▶ **Free-text object descriptions**
---+---

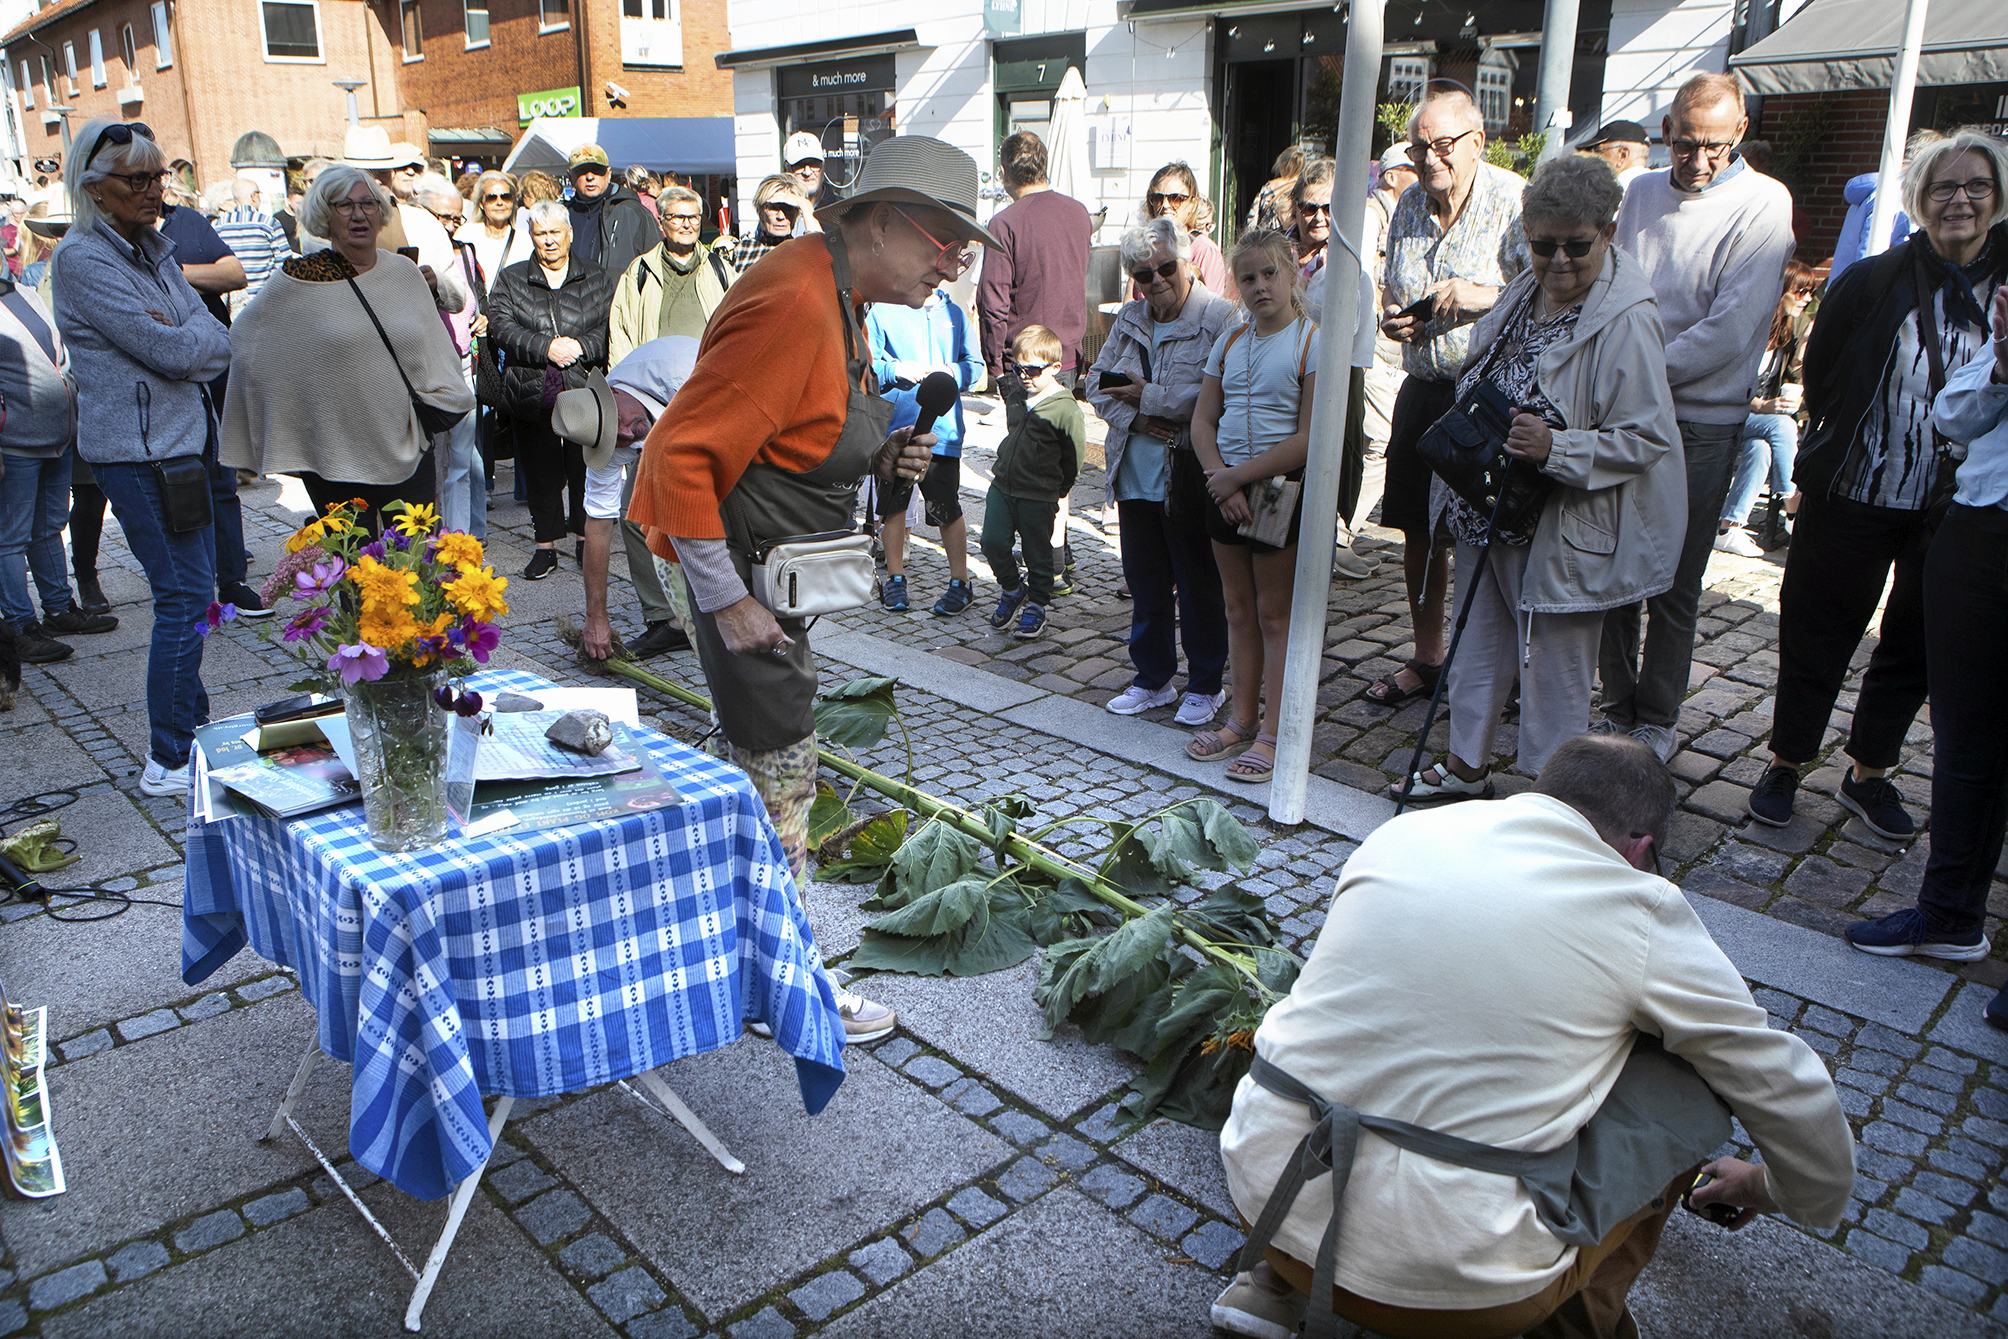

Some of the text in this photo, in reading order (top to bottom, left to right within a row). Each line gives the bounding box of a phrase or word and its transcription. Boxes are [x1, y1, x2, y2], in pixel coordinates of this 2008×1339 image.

[812, 70, 866, 87] & much more
[1037, 64, 1046, 82] 7
[518, 96, 576, 120] LOOP
[828, 148, 844, 158] much
[844, 149, 860, 158] more
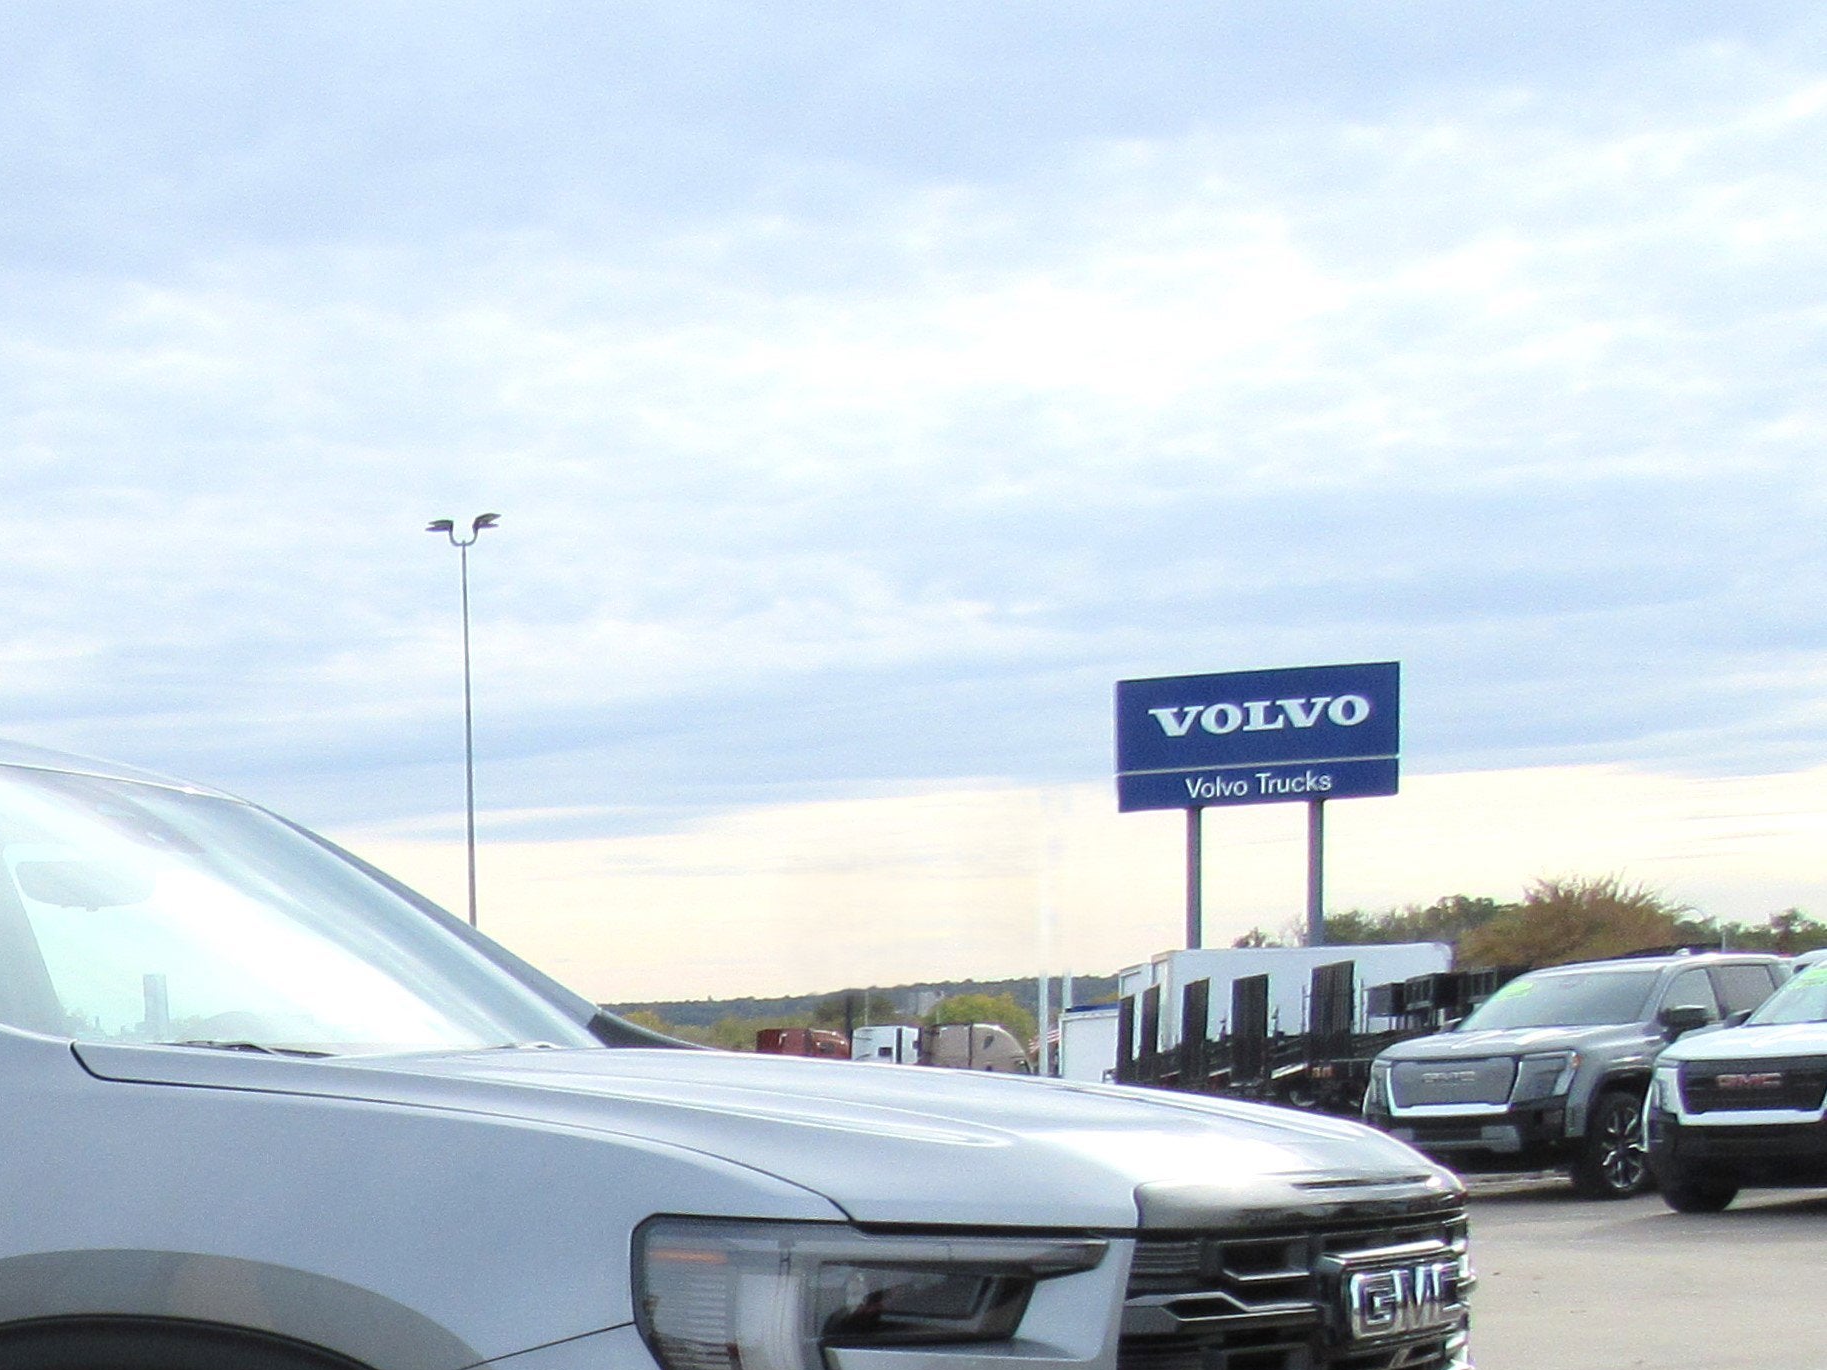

---+---

▶ **PROBLEM TO SOLVE**
What you return should match the records line for line, minus the pictures.

▶ **RESULT FOR THIS TASK**
Some of the text in this photo, in reading order (top to bottom, left to right within a row). Each line gives the bounding box of a phrase or word and its transcription. Boxes are [x1, y1, x2, y2], in pixel coordinates of this 2008×1339 image.

[812, 70, 866, 87] & much more
[1037, 64, 1046, 82] 7
[518, 96, 576, 120] LOOP
[828, 148, 844, 158] much
[844, 149, 860, 158] more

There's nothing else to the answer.